▶ _Aim of the exercise_: Transcribe the entries below with complete accuracy, excluding the pictures.

▶ _Stored data entries_:
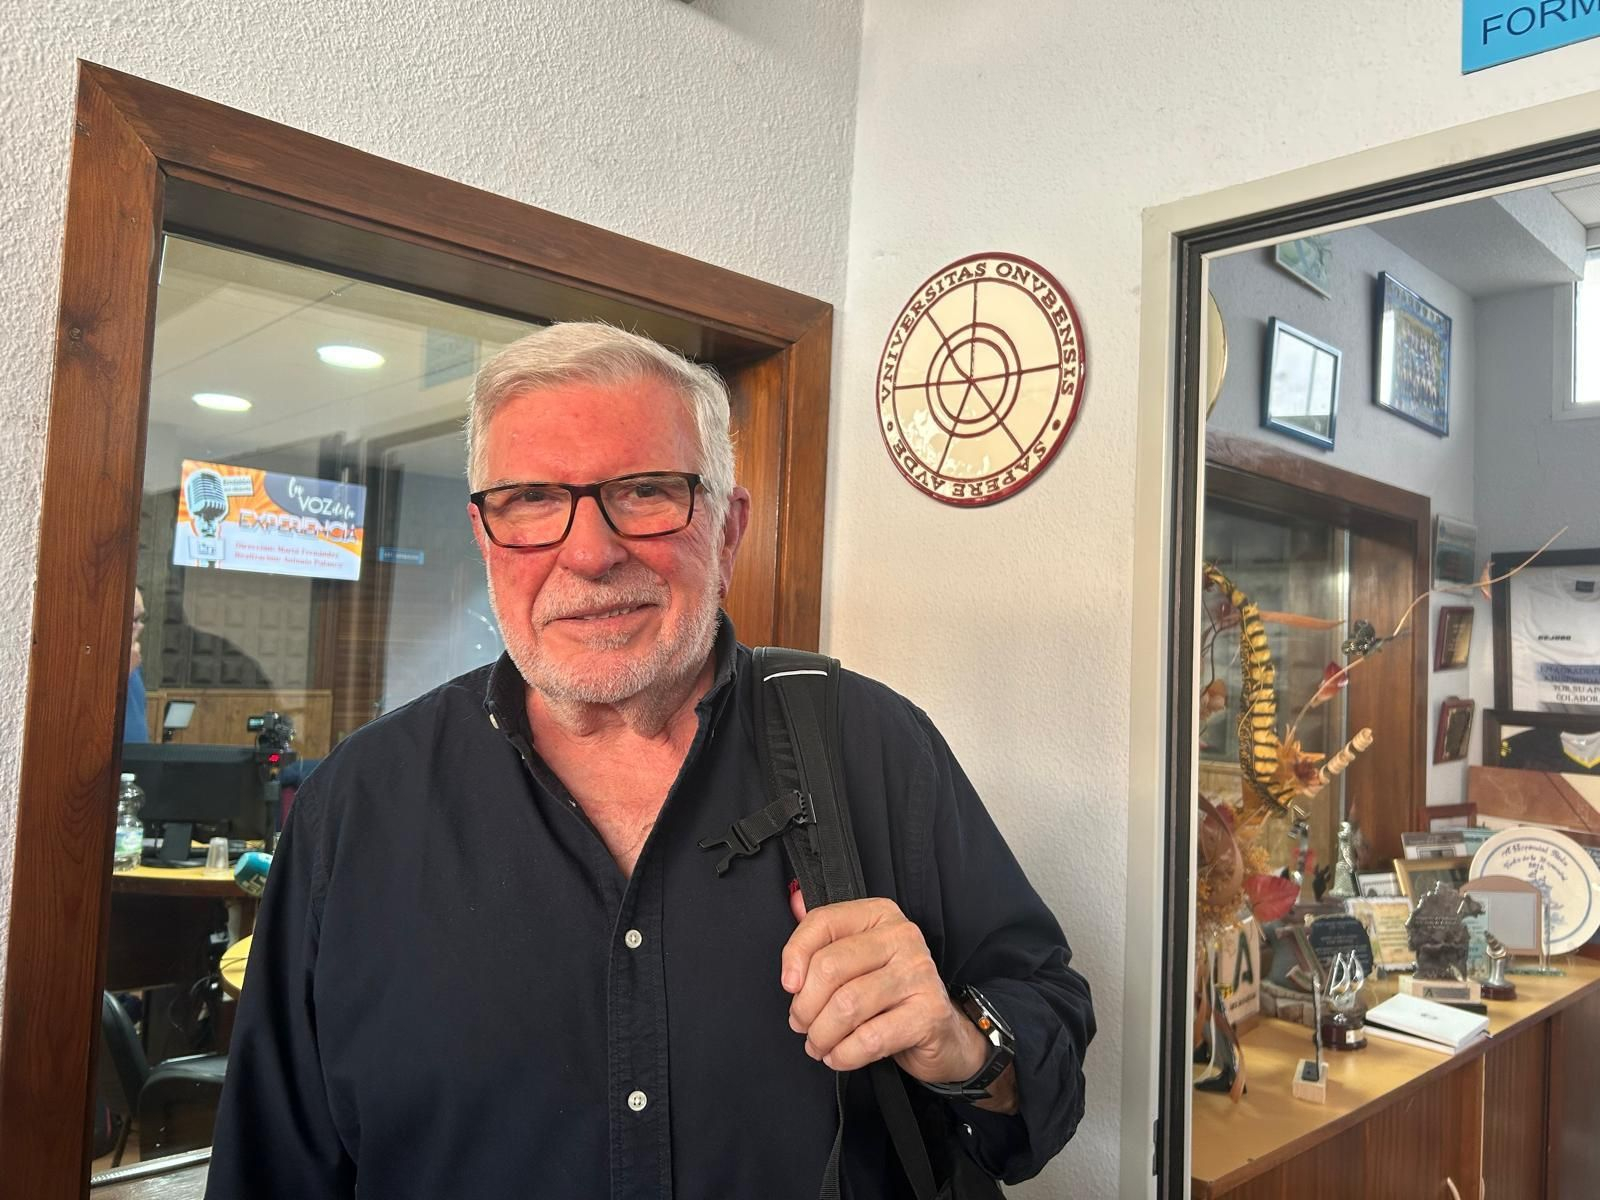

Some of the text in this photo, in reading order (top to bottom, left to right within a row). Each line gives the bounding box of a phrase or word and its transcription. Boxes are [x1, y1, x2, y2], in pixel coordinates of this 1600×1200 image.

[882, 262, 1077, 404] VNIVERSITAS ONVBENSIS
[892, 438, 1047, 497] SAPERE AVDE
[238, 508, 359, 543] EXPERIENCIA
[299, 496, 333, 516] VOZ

▶ _Answer to this exercise_:
Some of the text in this photo, in reading order (top to bottom, left to right within a row). Each line gives the bounding box of a phrase or word and its transcription. Boxes are [x1, y1, x2, y2], in pixel coordinates of this 1600×1200 image.

[882, 262, 1077, 404] VNIVERSITAS ONVBENSIS
[892, 438, 1047, 497] SAPERE AVDE
[238, 508, 359, 543] EXPERIENCIA
[299, 496, 333, 516] VOZ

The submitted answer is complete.